West Nile Virus: Can Climate Change Cause Mosquito Migration?
Grant M. Gallagher
Study suggests climate change may shift which areas in the US have optimal temperatures for West Nile virus transmission.
Given the range of West Nile virus and other mosquito-borne diseases is environmentally determined, changes in the environment mean changes in where these diseases are most likely to spread.
West Nile virus spreads most efficiently in the United States at temperatures between 75.2—77 degrees Fahrenheit, according to a new study published in the journal eLife.
The results imply that climate change may lead to the increased spread of West Nile in some places, while causing a decrease in spread elsewhere.
“As the climate warms, it is critical to understand how temperature changes will affect the transmission of mosquito-borne diseases,” said lead author Marta Shocket, who is a Postdoctoral Researcher at the University of California, Los Angeles.

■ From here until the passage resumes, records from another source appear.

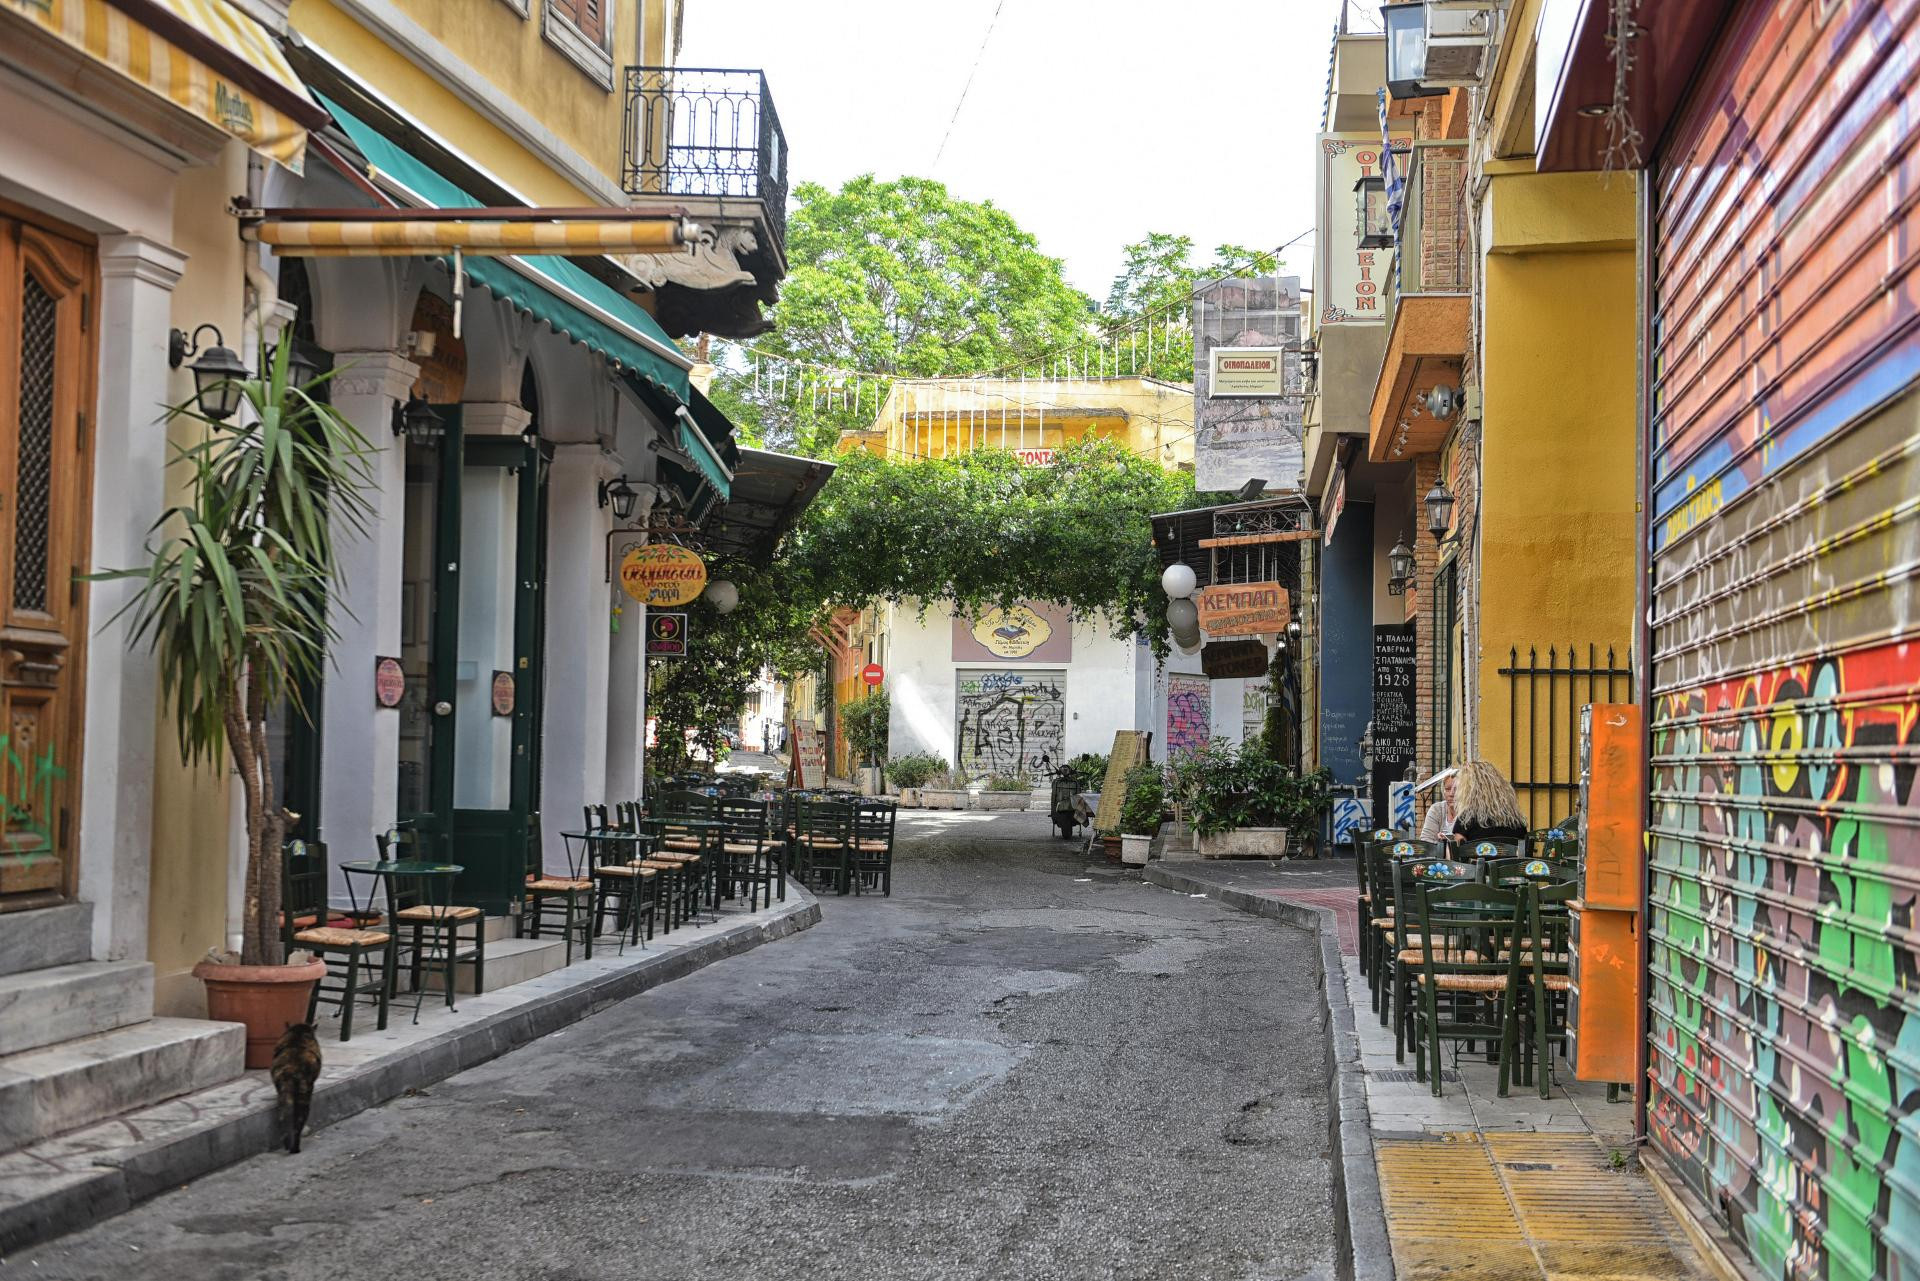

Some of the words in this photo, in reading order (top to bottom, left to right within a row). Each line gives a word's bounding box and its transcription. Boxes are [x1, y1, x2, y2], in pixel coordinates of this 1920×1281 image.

[1203, 590, 1277, 611] ΚΕΜΠΑΠ
[1378, 674, 1410, 686] 1928
[1375, 738, 1391, 746] ΔΙΚΟ
[1395, 738, 1410, 746] ΜΑΣ
[1375, 755, 1399, 763] ΚΡΑΣΙ

Shocket and the rest of the study team used modeling to estimate the impact of temperature on 6 different mosquito-borne viruses, 4 of which presently can be found in the US.
The 6 viruses were:
- West Nile,
- St. Louis Encephalitis,
- Eastern and Western Equine Encephalitis,
- and Rift Valley fever.
The 6 viruses share some of the same species of mosquito carriers.
The models were based on laboratory experiments which measured how temperatures affect mosquito survival, biting frequency, mating, developmental factors, and transmissibility of the virus.
Investigators validated the West Nile model using data on viral transmission in the US. West Nile virus is transmitted most readily at certain moderate temperatures, while extreme temperatures limit where relevant mosquito carriers can thrive.
“We primarily focus on Culex pipiens, Cx. quinquefasciatus, and Cx. tarsalis, well-studied species that are important vectors for many viruses and for which appropriate temperature-dependent data exist for nearly all traits relevant to transmission,” study authors wrote.
“Most of the viruses covered in this work are from more temperate areas than more commonly studied tropical diseases,” Shocket explained in a press release. “We compared these results to those of tropical diseases like malaria and dengue and found that the optimal temperatures and cold thermal limits for virus spread are cooler. This means the viruses spread more efficiently at cooler temperatures compared to more tropical diseases, as you would expect.”
While the claims around moderate temperature might not immediately bring global warming to mind, the results suggest that mosquito-borne diseases could present a greater burden in the US if global temperatures rise, because most of the population (70%) actually lives in places that are presently below the optimal transmission temperature.
Conversely, 30% of the population lives in places where summer temperatures are above the optimal temperature, so transmission would likely decrease with climate warming there.
“Temperature increases could also extend virus transmission seasons earlier into the Spring and later into the Fall,” study authors added.
“Climate change is poised to increase the transmission of West Nile and other mosquito-borne viruses in much of the US,” said senior author Erin Mordecai, an Assistant Professor of Biology at Stanford University. “But these diseases also depend on human contact with mosquitoes that also contact wildlife, so factors like human land use, mosquito control, mosquito and virus adaptations, and the emergence of new viruses make predicting the future of mosquito-borne disease a challenge.”